The US Public Health Study of Syphilis at Tuskegee began as a 6-month descriptive epidemiological study of the range of pathology associated with syphilis in the Macon County population. At that time, it was believed that the effects of syphilis depended on the race of those affected. For African Americans, physicians believed that their cardiovascular system was more affected than the central nervous system. Initially, subjects were studied for six to eight months and then treated with contemporary methods, including Salvarsan, mercurial ointments, and bismuth. These methods were, at best, mildly effective. The disadvantage that these treatments were all highly toxic was balanced by the fact that no other methods were known. The Tuskegee Institute participated in the study, as its representatives understood the intent was to benefit public health in the local poor population. The Tuskegee University-affiliated hospital effectively loaned the PHS its medical facilities, and other predominantly black institutions and local black doctors participated as well.
The Rosenwald Fund, a major Chicago-based philanthropy devoted to black education and community development in the South, provided financial support to pay for the eventual treatment of the patients. They had previously collaborated with Public Health Services in a study of syphilis prevalence in over 2,000 black workers in Mississippi's Delta Pine and Land Company in 1928, and helped provide treatment for 25% of the workers who had tested positive for the disease. Study researchers initially recruited 399 syphilitic Black men, and 201 healthy Black men as controls.
Continuing effects of the Stock Market Crash of 1929 and the beginning of the Great Depression led the Rosenwald Fund to withdraw its offer of funding. Study directors issued a final report as they thought this might mean the end of the study once funding to buy medication for the treatment phase of the study was withdrawn.

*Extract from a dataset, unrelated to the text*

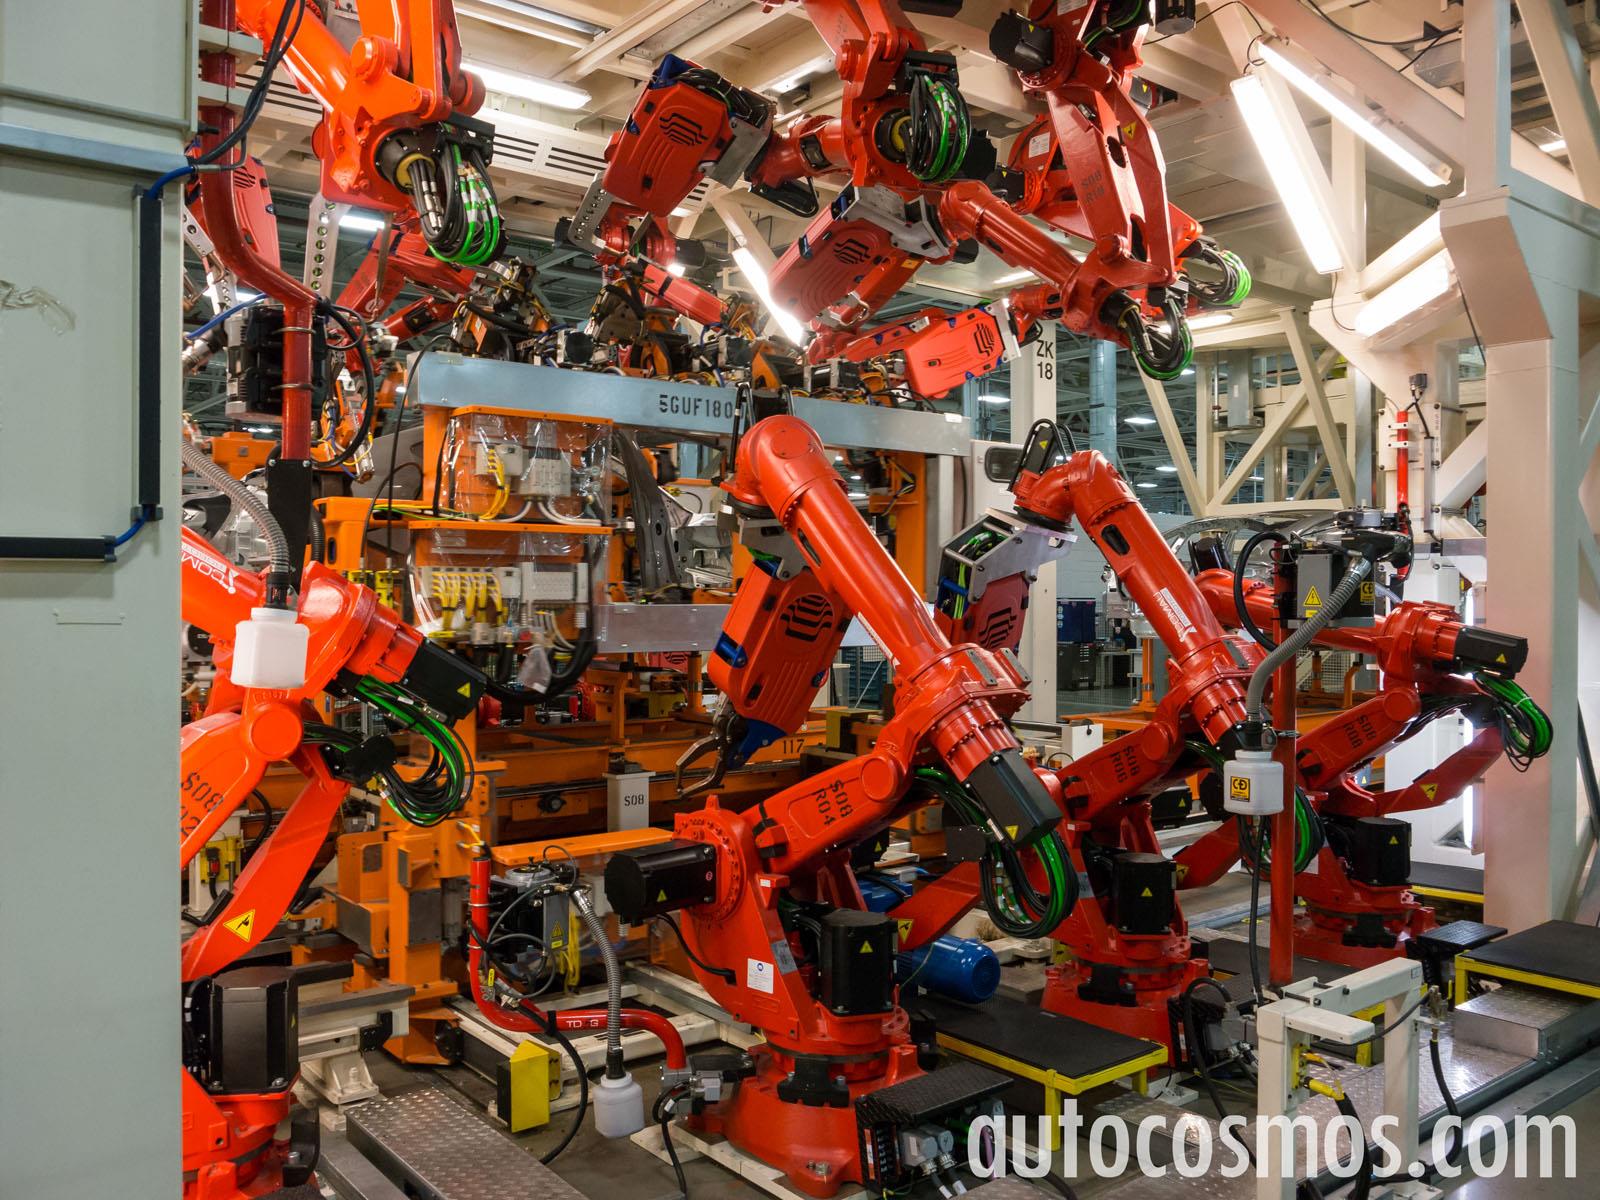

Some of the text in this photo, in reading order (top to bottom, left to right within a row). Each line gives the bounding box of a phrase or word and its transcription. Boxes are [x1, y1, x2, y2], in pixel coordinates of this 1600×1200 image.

[1036, 339, 1054, 359] ZK
[1037, 361, 1053, 380] 18
[624, 793, 645, 807] S08

Medical ethics considerations were limited from the start and rapidly deteriorated. To ensure that the men would show up for the possibly dangerous, painful, diagnostic, and non-therapeutic spinal taps, the doctors sent the 400 patients a misleading letter titled "Last Chance for Special Free Treatment". The study also required all participants to undergo an autopsy after death in order to receive funeral benefits. After penicillin was discovered as a cure, researchers continued to deny such treatment to many study participants. Many patients were lied to and given placebo treatments so that researchers could observe the full, long-term progression of the fatal disease.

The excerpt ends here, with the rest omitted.